→ WHAT IS BEING ASKED: Reproduce the listing in full. Omit the pictures.

→ RECORDS SUPPLIED:

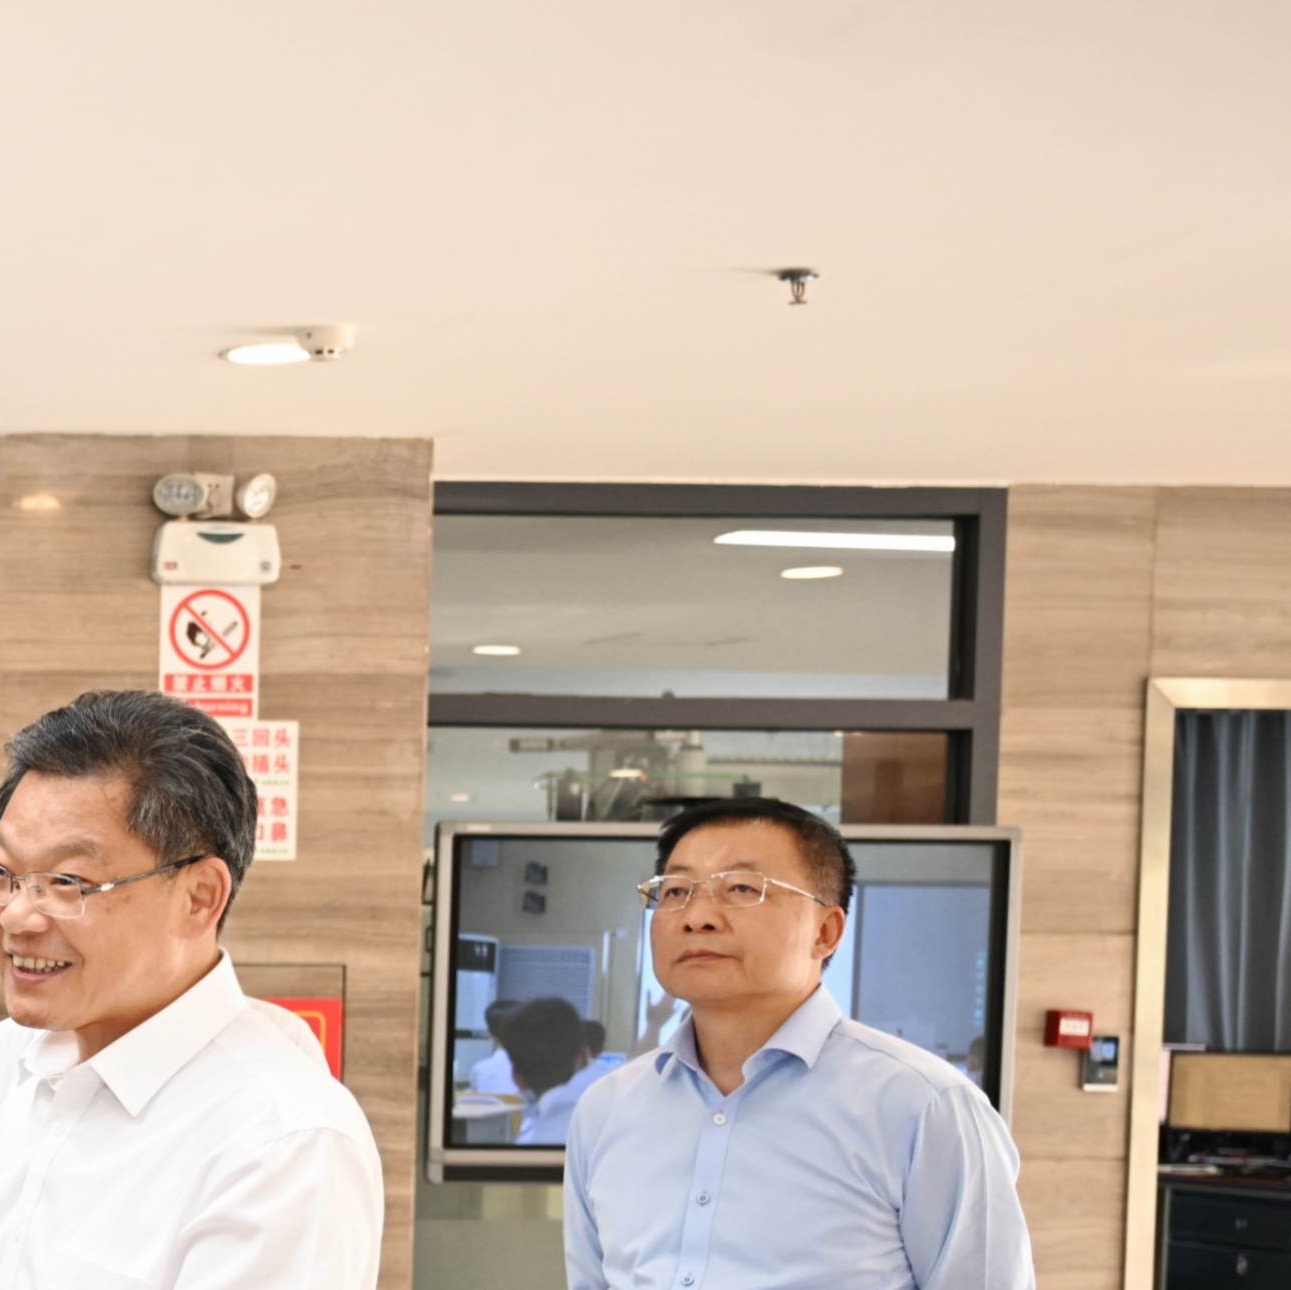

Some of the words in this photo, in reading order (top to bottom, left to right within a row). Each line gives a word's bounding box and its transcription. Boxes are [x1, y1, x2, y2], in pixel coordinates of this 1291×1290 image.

[171, 675, 246, 692] 禁止烟火
[244, 753, 291, 775] 插头
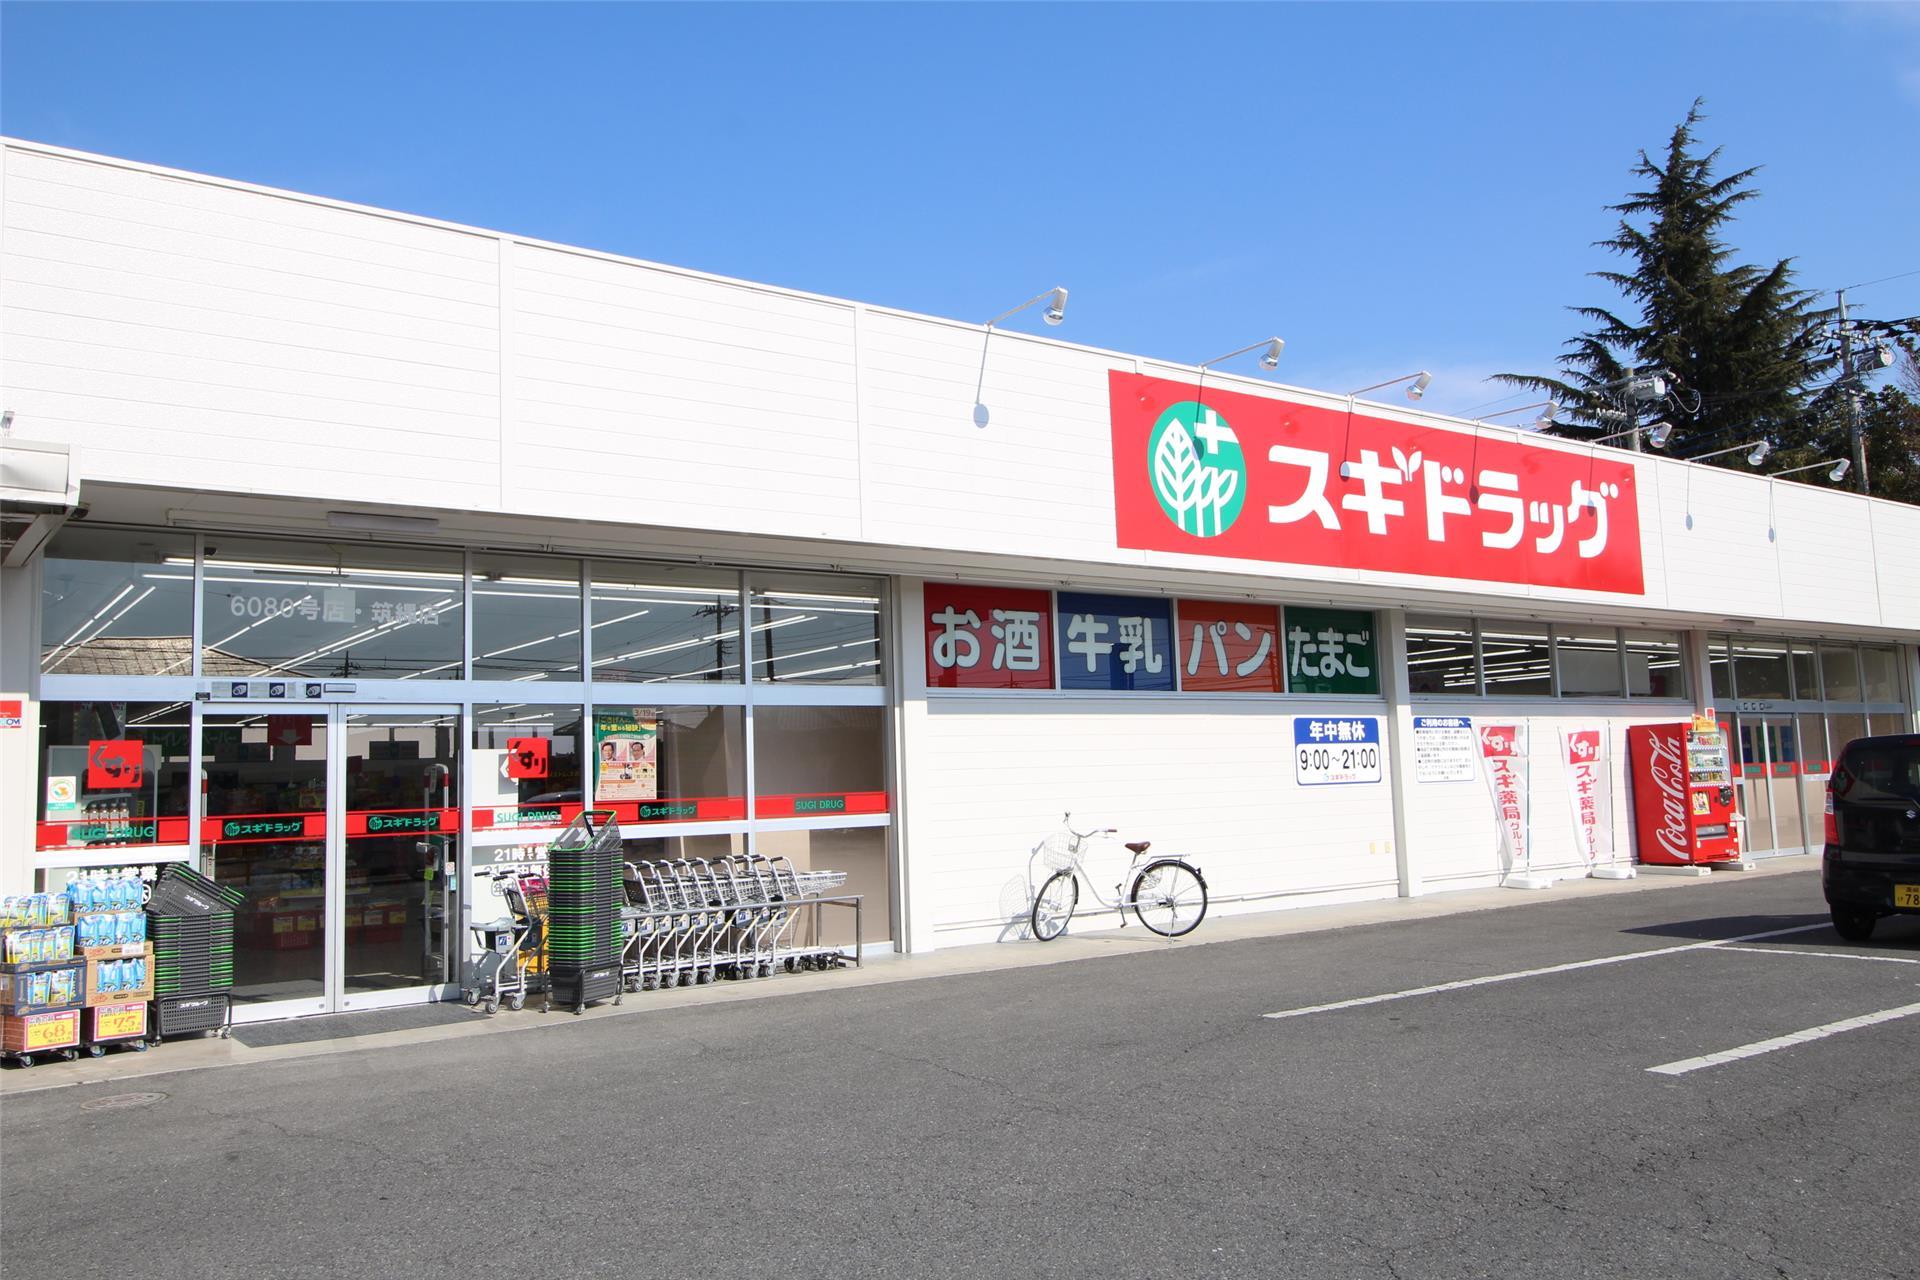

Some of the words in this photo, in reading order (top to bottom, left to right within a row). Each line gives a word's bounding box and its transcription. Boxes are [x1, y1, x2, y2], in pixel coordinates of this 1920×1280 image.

[1268, 443, 1619, 559] スギドラッグ
[931, 605, 1041, 671] お酒
[1067, 613, 1163, 674] 牛乳
[1187, 619, 1272, 677] パン
[1288, 625, 1371, 678] たまご
[1309, 720, 1366, 742] 年中無休
[1481, 727, 1517, 756] くすり
[1568, 733, 1600, 761] くすり
[795, 801, 817, 810] SUGI
[819, 799, 845, 809] DRUG
[1647, 729, 1690, 861] Coca-Cola
[382, 816, 438, 829] スギドラッグ
[496, 811, 525, 823] SUGI
[651, 804, 697, 816] スギドラッグ
[240, 821, 303, 834] スギドラッグ
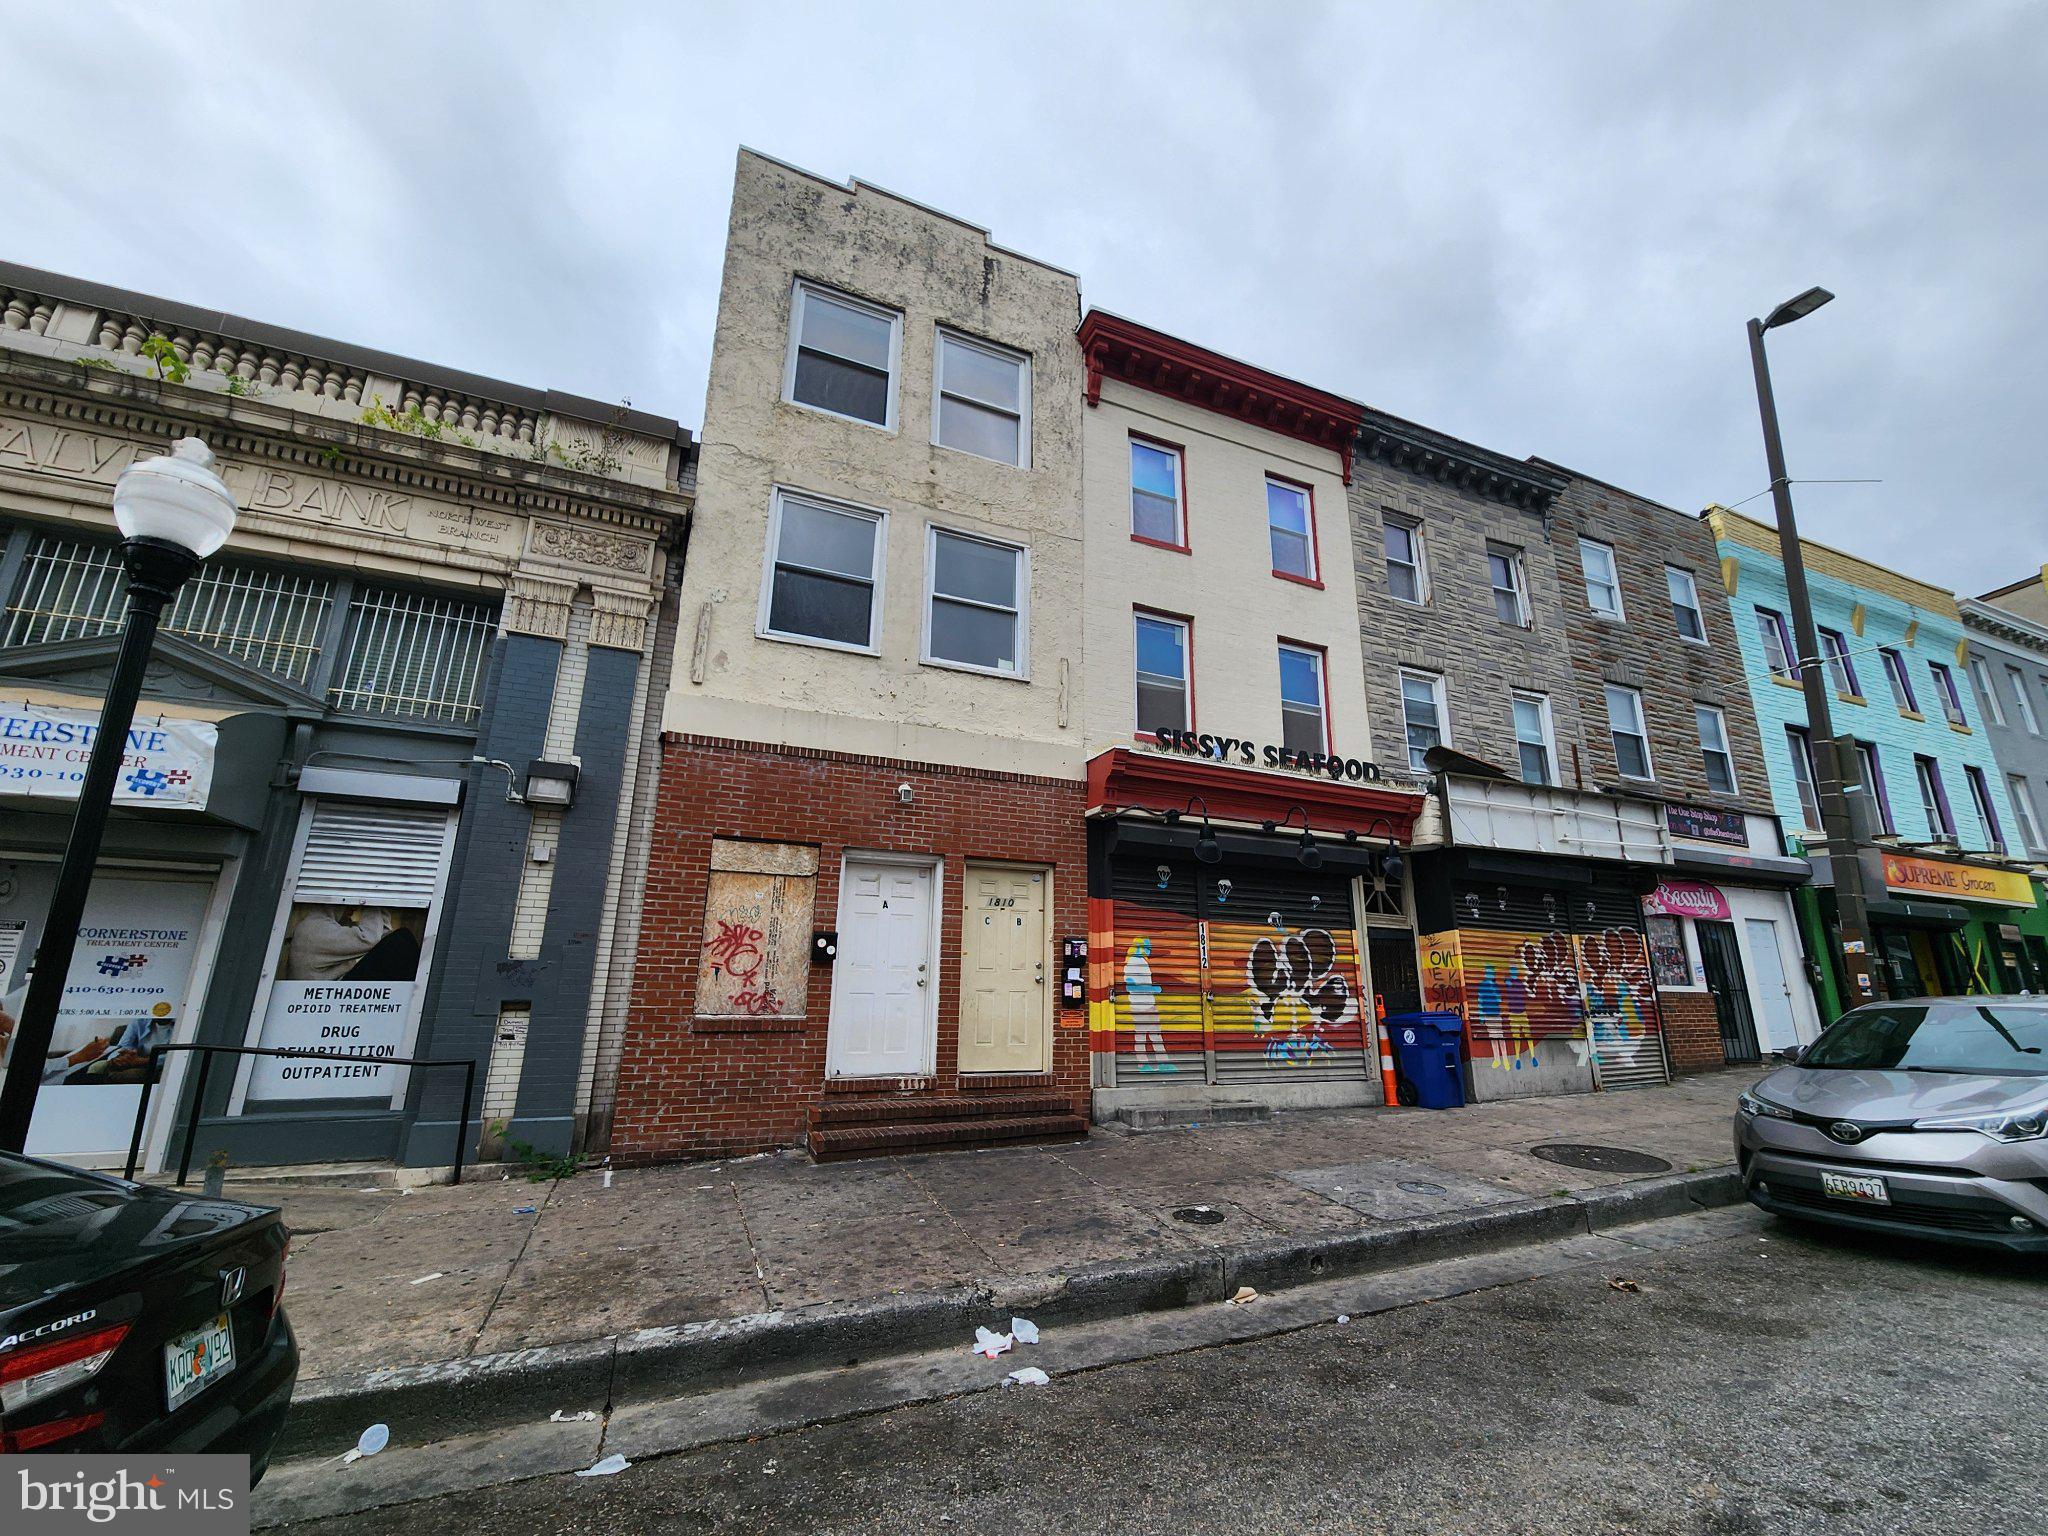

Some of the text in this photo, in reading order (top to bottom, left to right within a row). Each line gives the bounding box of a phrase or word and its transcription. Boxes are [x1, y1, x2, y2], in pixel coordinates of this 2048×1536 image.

→ WRITTEN SOLUTION:
Some of the words in this photo, in reading order (top to bottom, left to right within a row). Each line gives a word's bounding box and its transcription. Boxes are [x1, y1, x2, y2], in pixel coordinates of this 1291×1290 image.

[171, 675, 246, 692] 禁止烟火
[244, 753, 291, 775] 插头

Some of the words in this photo, in reading order (top to bottom, left to right within a row). Each line gives a word's bounding box and its transcription. Boxes are [x1, y1, x2, y2], in pixel coordinates of this 1920×1280 image.

[1268, 443, 1619, 559] スギドラッグ
[931, 605, 1041, 671] お酒
[1067, 613, 1163, 674] 牛乳
[1187, 619, 1272, 677] パン
[1288, 625, 1371, 678] たまご
[1309, 720, 1366, 742] 年中無休
[1481, 727, 1517, 756] くすり
[1568, 733, 1600, 761] くすり
[795, 801, 817, 810] SUGI
[819, 799, 845, 809] DRUG
[1647, 729, 1690, 861] Coca-Cola
[382, 816, 438, 829] スギドラッグ
[496, 811, 525, 823] SUGI
[651, 804, 697, 816] スギドラッグ
[240, 821, 303, 834] スギドラッグ

Some of the text in this photo, in reading order (top to bottom, left to right within a row). Each line gives the bounding box of a phrase or word and its transcription. Boxes are [x1, y1, x2, y2], in pixel coordinates of this 2048×1536 image.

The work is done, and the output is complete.